A few second into the opening track “Sweet Morning Light” and you can immediately hear the similarities to what Uriah Heep were dishing out. Prominent organ, interesting baseline that doesn’t keep to the guitar or the drum beat, and Hensley’s voice giving a great bluesy rock and roll grit to the track. The rest of the band were comprised of a german band called Virus as well as drummer Peet Becker, who was a rising star in the German rock scene at the time. But by most accounts Hensley wrote the songs, sang them, and provided the majority of guitars as well as keyboards. This is something he had done earlier with an earlier band called The Head Machine and their album Orgasm in 1969. Putting intent and authorship aside, it’s hard not to fall into how deep and dark the music gets here. From the stomp of “Sweet Morning Light” it moves to the acoustic “Lonely Ship” with harmonized falsetto vocals and some beautiful acoustic playing nicely speed across the soundstage.

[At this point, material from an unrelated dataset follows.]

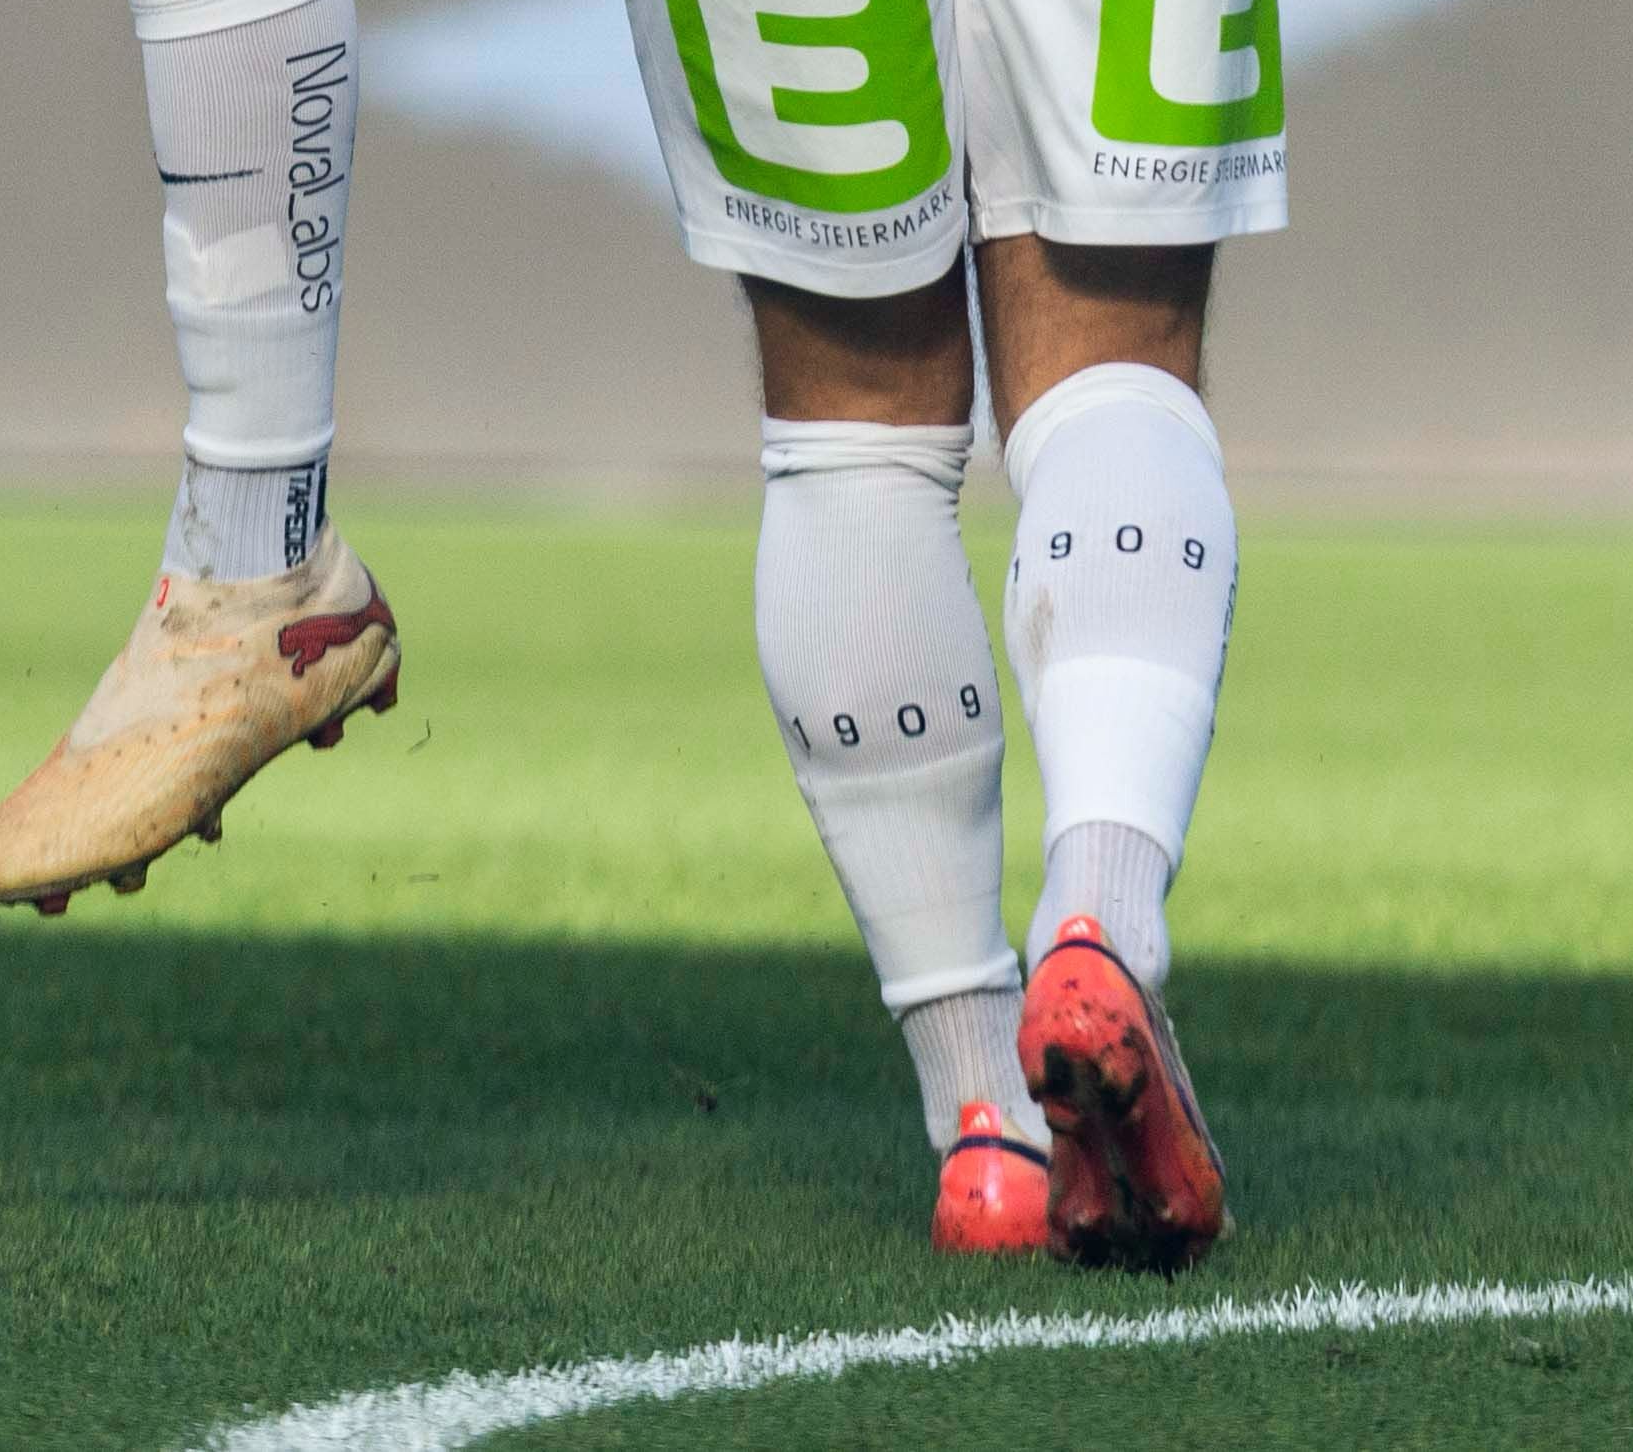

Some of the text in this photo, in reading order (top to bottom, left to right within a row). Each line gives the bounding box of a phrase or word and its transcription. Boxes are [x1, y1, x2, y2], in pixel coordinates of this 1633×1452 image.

[1093, 151, 1209, 184] ENERGIE
[724, 184, 953, 248] ENERGIE STEIERMARK
[1013, 523, 1206, 583] 1909
[792, 682, 981, 752] 1909

Production credits are nonexistent on the CD reissue from a company called Mig, but sonically the release is really strong, not mastered to be non-dynamic and keep a great separation of the instruments. After the great 1-2 punch things unfortunately slow down a bit with the bloated “My Dream” which opens with about three minutes of solo piano, washed to at first but slowly over the time coming to more and more prominence before blasting into an organ riff and four on the floor drumming. I wish that stomp were more effective, though; the song is encumbered with tired vocals and a guitar solo that’s…adequate I guess? Nothing to write home about. “Slowin’ Down” doesn’t fare much better: it’s a standard blues boogie with some admittedly sharp slide playing in its opening solo, but this is one type of rock that even by 1971 has been beaten to death with overuse. Too bad, because I dig the effects on the vocals.
But this is the double-edged sword of a project like Weed. They’re doing everything you’d want from a “classic rock” (I’m using the term as a catch-all generic label here) album, but not bringing any truly memorable outside of the two opening track, which I really love. “Before I Die” brings some of the late 60s pop and psychedelia into its arrangement, and for me it works better than either of the two previous tracks, even if it loses some of the rock momentum. That momentum is regained with the final title track, which finally brings back a sense of scale and ambition to Weed…! and showing a little of that progressive molten rock Heep were just beginning to fully realize. At over seven minutes it’s also the longest track on the album, almost as if the label knew they needed to ned on a high note if folks were going to remember it enough to make it a hit. The fact that it’s an instrumental doesn’t hurt none, either.
There you have it. Weed. There may be other strains you prefer, but this manages to get the job done.